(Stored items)
=-=-=

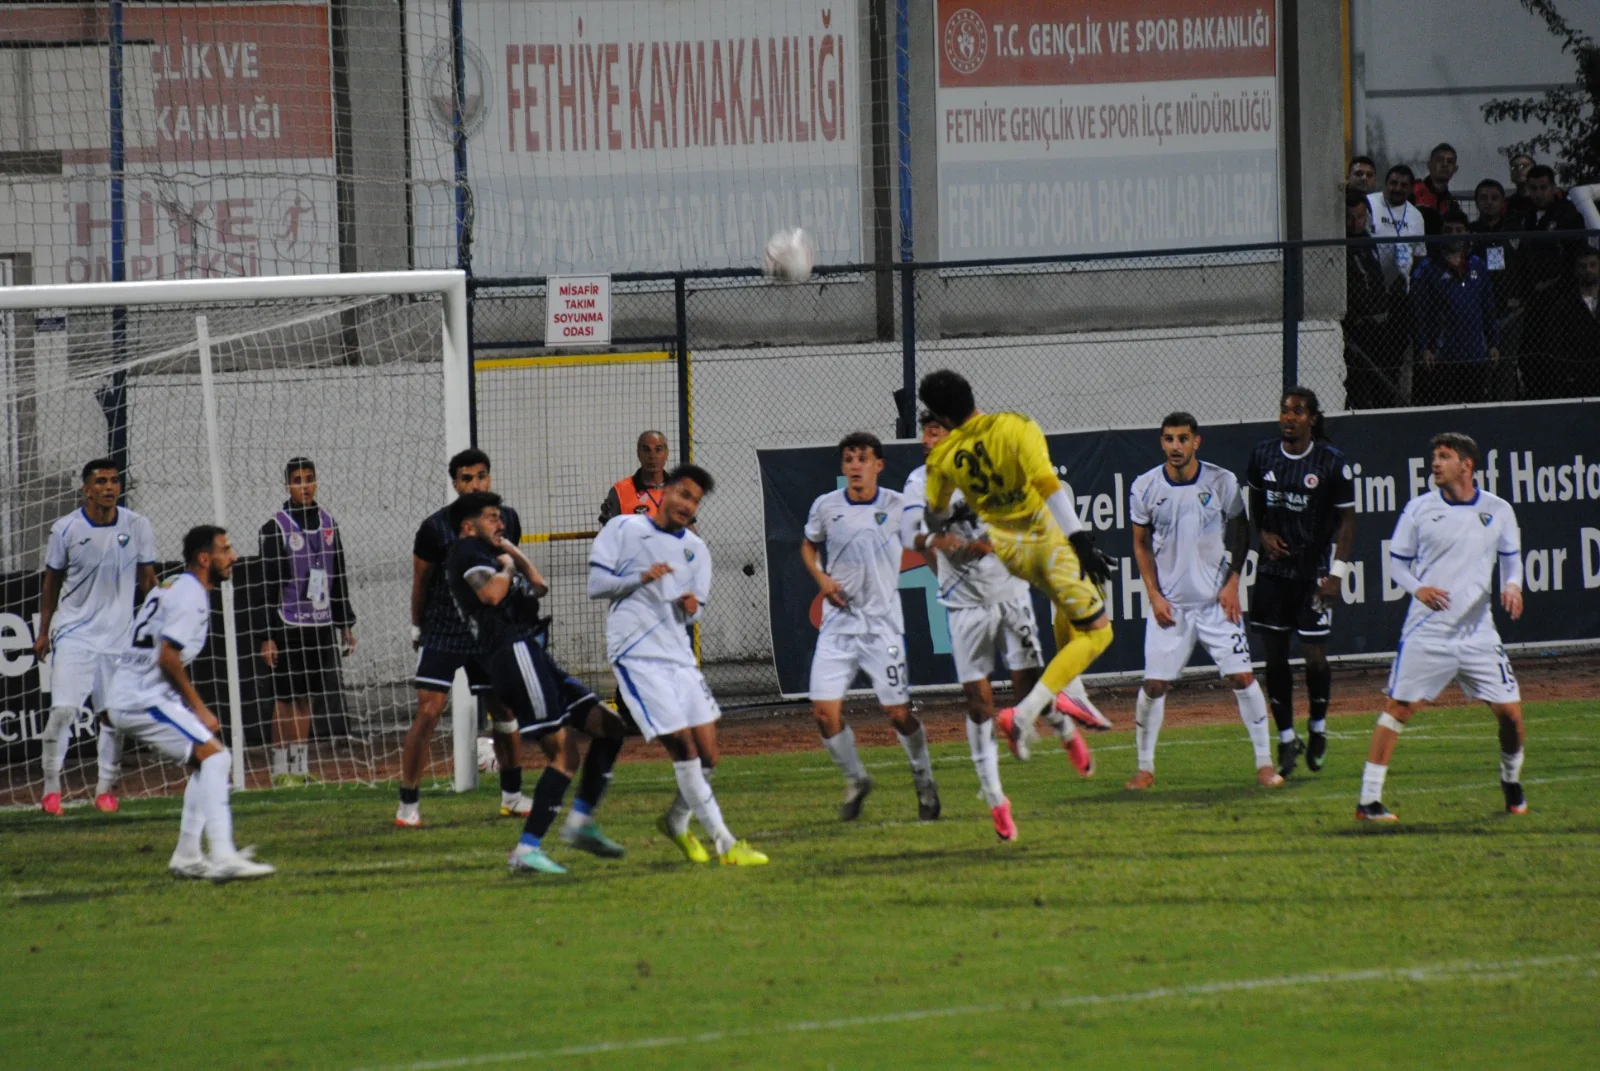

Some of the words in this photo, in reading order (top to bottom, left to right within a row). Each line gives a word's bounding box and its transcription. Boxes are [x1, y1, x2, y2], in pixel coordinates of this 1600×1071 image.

[993, 25, 1024, 57] T.C.
[1029, 16, 1101, 63] GENÇLİK
[1108, 22, 1129, 54] VE
[1136, 20, 1178, 53] SPOR
[1183, 9, 1270, 50] BAKANLIĞI
[217, 42, 259, 79] VE
[506, 16, 622, 152] FETHİYE
[627, 8, 846, 150] KAYMAKAMLIĞI
[946, 101, 1008, 144] FETHİYE
[1011, 99, 1074, 151] GENÇLİK
[1077, 109, 1096, 139] VE
[1099, 107, 1139, 139] SPOR
[1142, 96, 1173, 145] İLÇE
[1176, 90, 1272, 135] MÜDÜRLÜĞÜ
[559, 282, 600, 296] MİSAFİR
[565, 299, 595, 309] TAKIM
[554, 312, 604, 323] SOYUNMA
[563, 326, 594, 337] ODASI

=-=-=

*Problem to work on:* Reproduce all of the records above exactly, but exclude the pictures.

*Answer for the task:*
Some of the words in this photo, in reading order (top to bottom, left to right within a row). Each line gives a word's bounding box and its transcription. Boxes are [x1, y1, x2, y2], in pixel coordinates of this 1600×1071 image.

[993, 25, 1024, 57] T.C.
[1029, 16, 1101, 63] GENÇLİK
[1108, 22, 1129, 54] VE
[1136, 20, 1178, 53] SPOR
[1183, 9, 1270, 50] BAKANLIĞI
[217, 42, 259, 79] VE
[506, 16, 622, 152] FETHİYE
[627, 8, 846, 150] KAYMAKAMLIĞI
[946, 101, 1008, 144] FETHİYE
[1011, 99, 1074, 151] GENÇLİK
[1077, 109, 1096, 139] VE
[1099, 107, 1139, 139] SPOR
[1142, 96, 1173, 145] İLÇE
[1176, 90, 1272, 135] MÜDÜRLÜĞÜ
[559, 282, 600, 296] MİSAFİR
[565, 299, 595, 309] TAKIM
[554, 312, 604, 323] SOYUNMA
[563, 326, 594, 337] ODASI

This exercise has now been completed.